- [Assignment]:
Except for the pictures, output the records in full and exactly.

#####

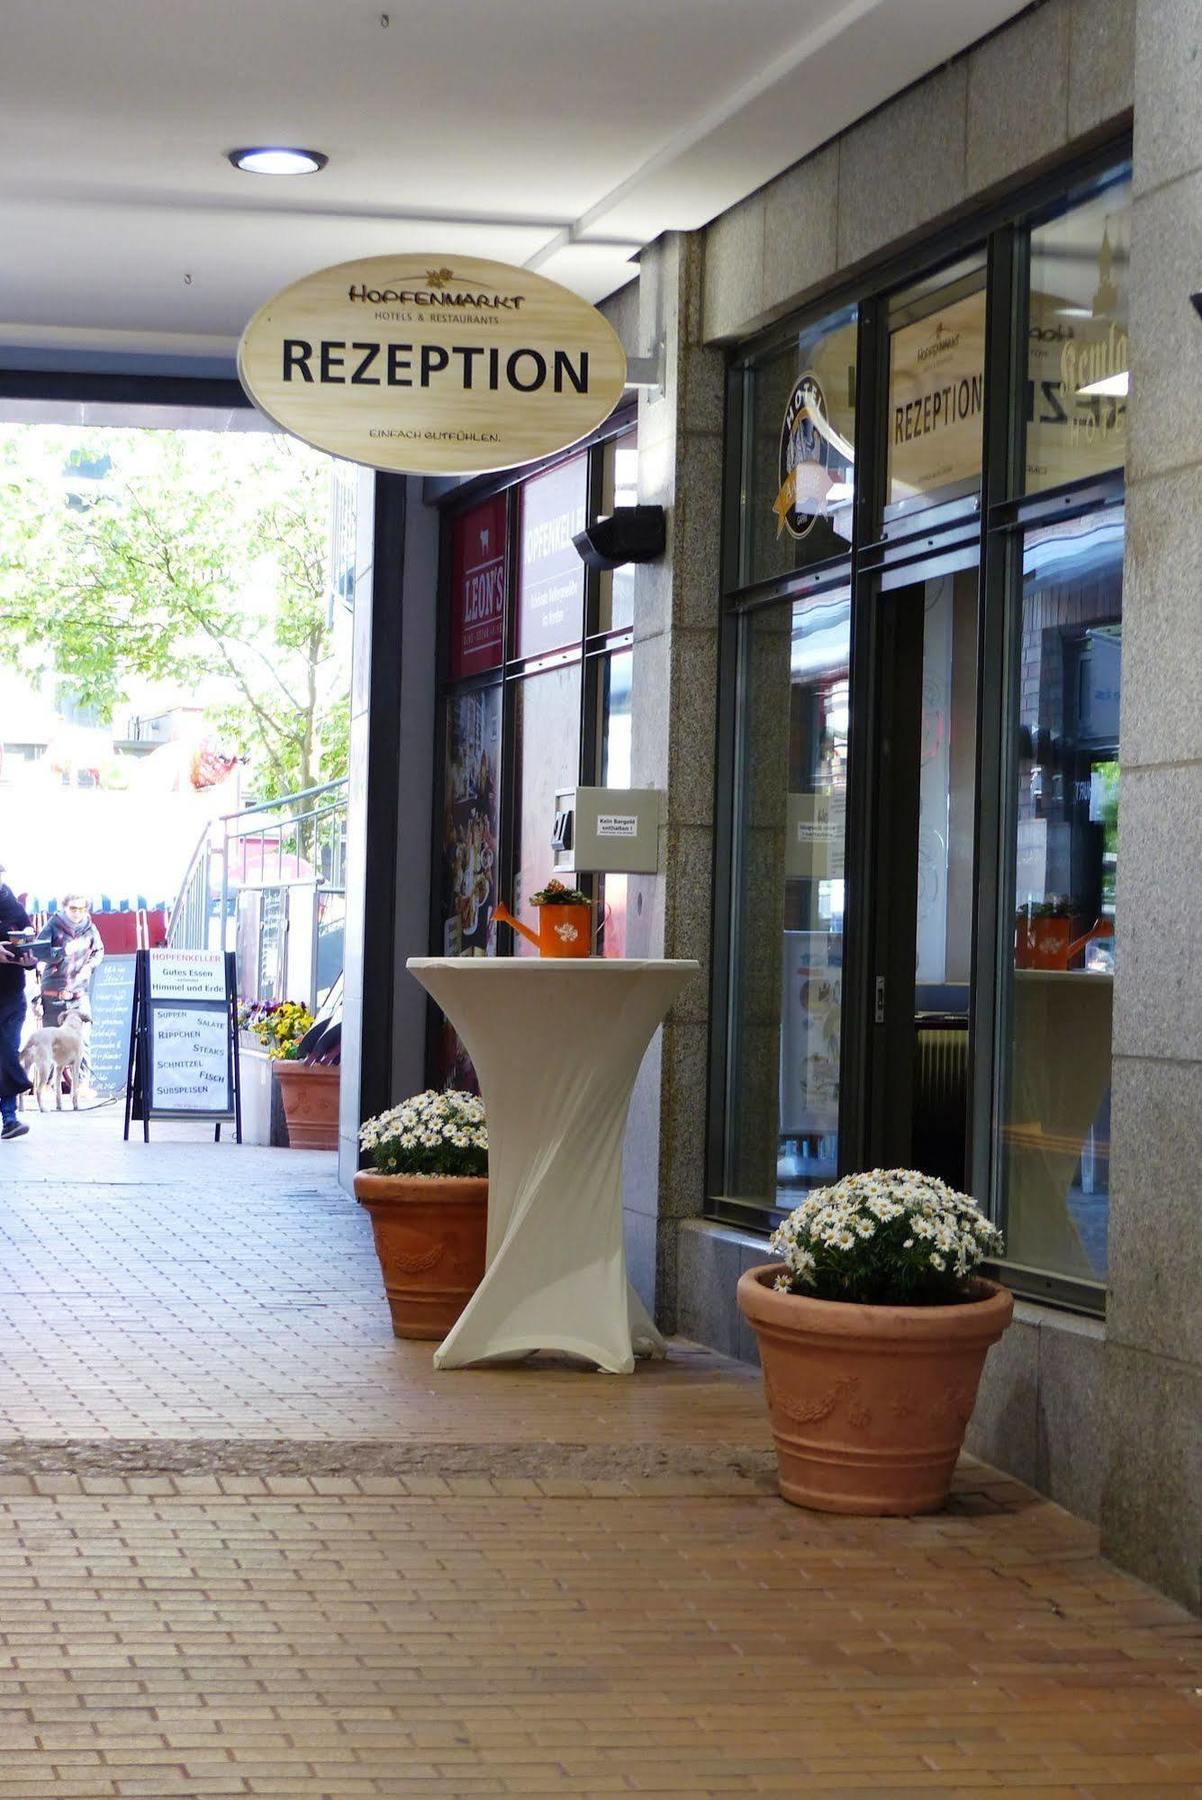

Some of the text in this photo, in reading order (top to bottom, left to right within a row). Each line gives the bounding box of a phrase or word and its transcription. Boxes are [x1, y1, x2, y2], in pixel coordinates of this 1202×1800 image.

[348, 285, 525, 309] HOPFENMARKT
[374, 311, 499, 325] HOTELS & RESTAURANTS
[283, 339, 589, 394] REZEPTION
[894, 372, 983, 446] REZEPTION
[369, 429, 421, 439] EINFACH
[464, 566, 503, 623] LEON'S
[162, 968, 213, 977] Gutes Essen
[152, 983, 185, 992] Himmel
[205, 985, 224, 993] Erde
[158, 1031, 201, 1039] RIPPCHEN
[193, 1044, 225, 1056] STEAKS
[157, 1060, 203, 1069] SCHNITZEL
[200, 1071, 225, 1083] FISCH
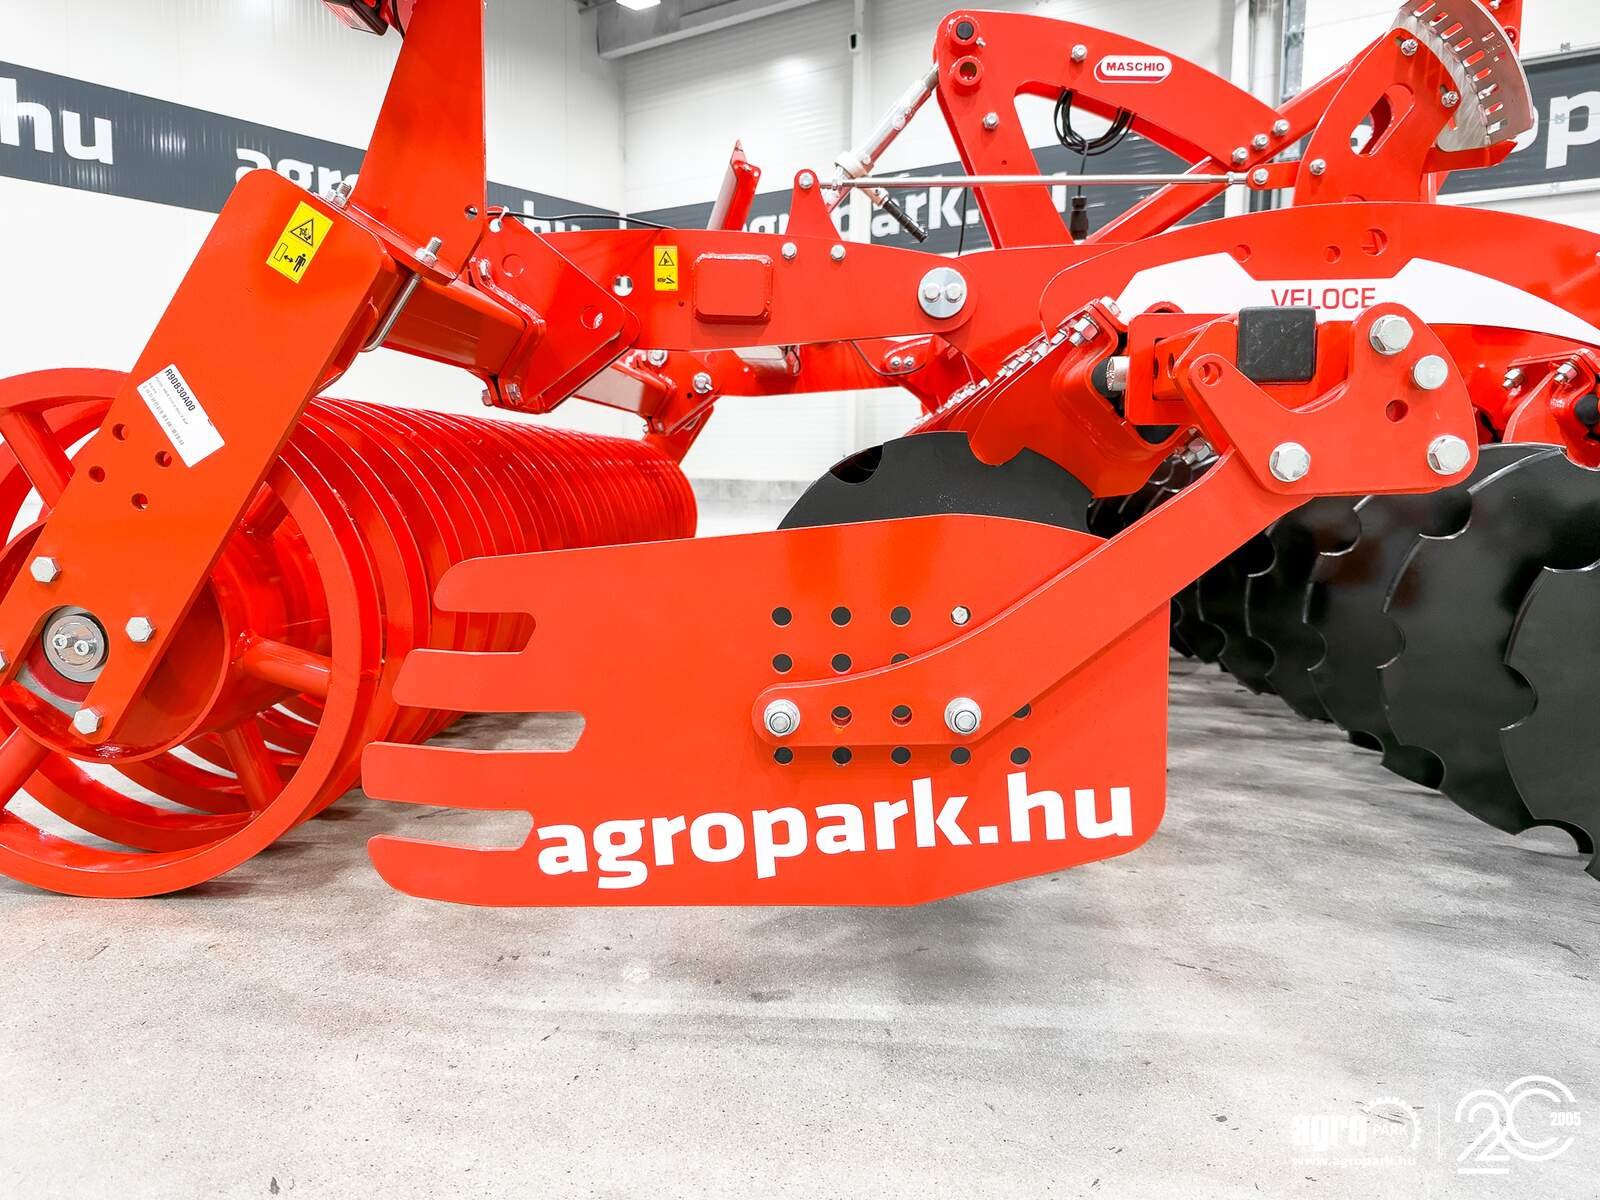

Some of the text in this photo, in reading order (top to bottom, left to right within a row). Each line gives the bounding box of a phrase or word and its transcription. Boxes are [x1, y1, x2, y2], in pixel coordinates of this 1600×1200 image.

[1106, 62, 1165, 72] MASCHIO
[1271, 288, 1376, 310] VELOCE
[536, 772, 1133, 889] agropark.hu
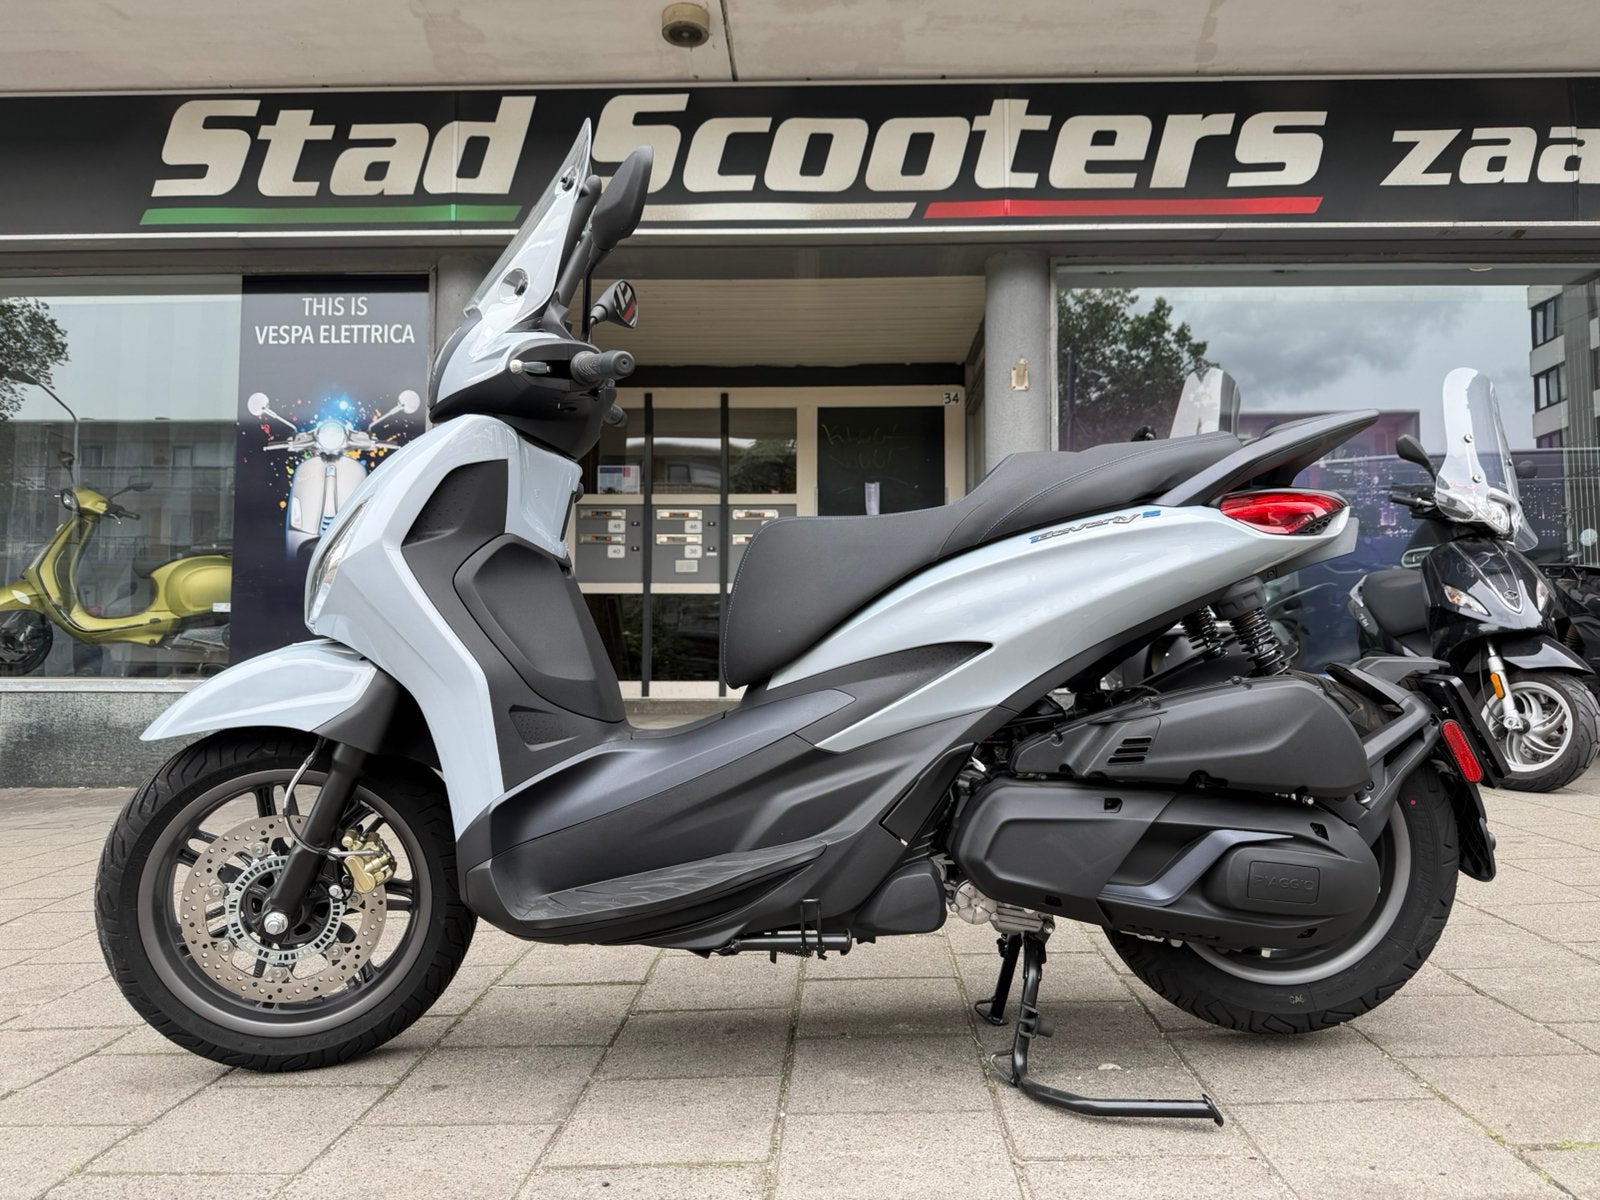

#####

- [Solution to the problem]:
Some of the text in this photo, in reading order (top to bottom, left to right within a row). Each line gives the bounding box of a phrase or word and its transcription. Boxes are [x1, y1, x2, y2], in pixel coordinates of this 1202×1800 image.

[348, 285, 525, 309] HOPFENMARKT
[374, 311, 499, 325] HOTELS & RESTAURANTS
[283, 339, 589, 394] REZEPTION
[894, 372, 983, 446] REZEPTION
[369, 429, 421, 439] EINFACH
[464, 566, 503, 623] LEON'S
[162, 968, 213, 977] Gutes Essen
[152, 983, 185, 992] Himmel
[205, 985, 224, 993] Erde
[158, 1031, 201, 1039] RIPPCHEN
[193, 1044, 225, 1056] STEAKS
[157, 1060, 203, 1069] SCHNITZEL
[200, 1071, 225, 1083] FISCH

Some of the text in this photo, in reading order (top to bottom, left to right within a row). Each line gives the bounding box of a phrase or word and its transcription. Boxes are [x1, y1, x2, y2], in pixel coordinates of this 1600×1200 image.

[1106, 62, 1165, 72] MASCHIO
[1271, 288, 1376, 310] VELOCE
[536, 772, 1133, 889] agropark.hu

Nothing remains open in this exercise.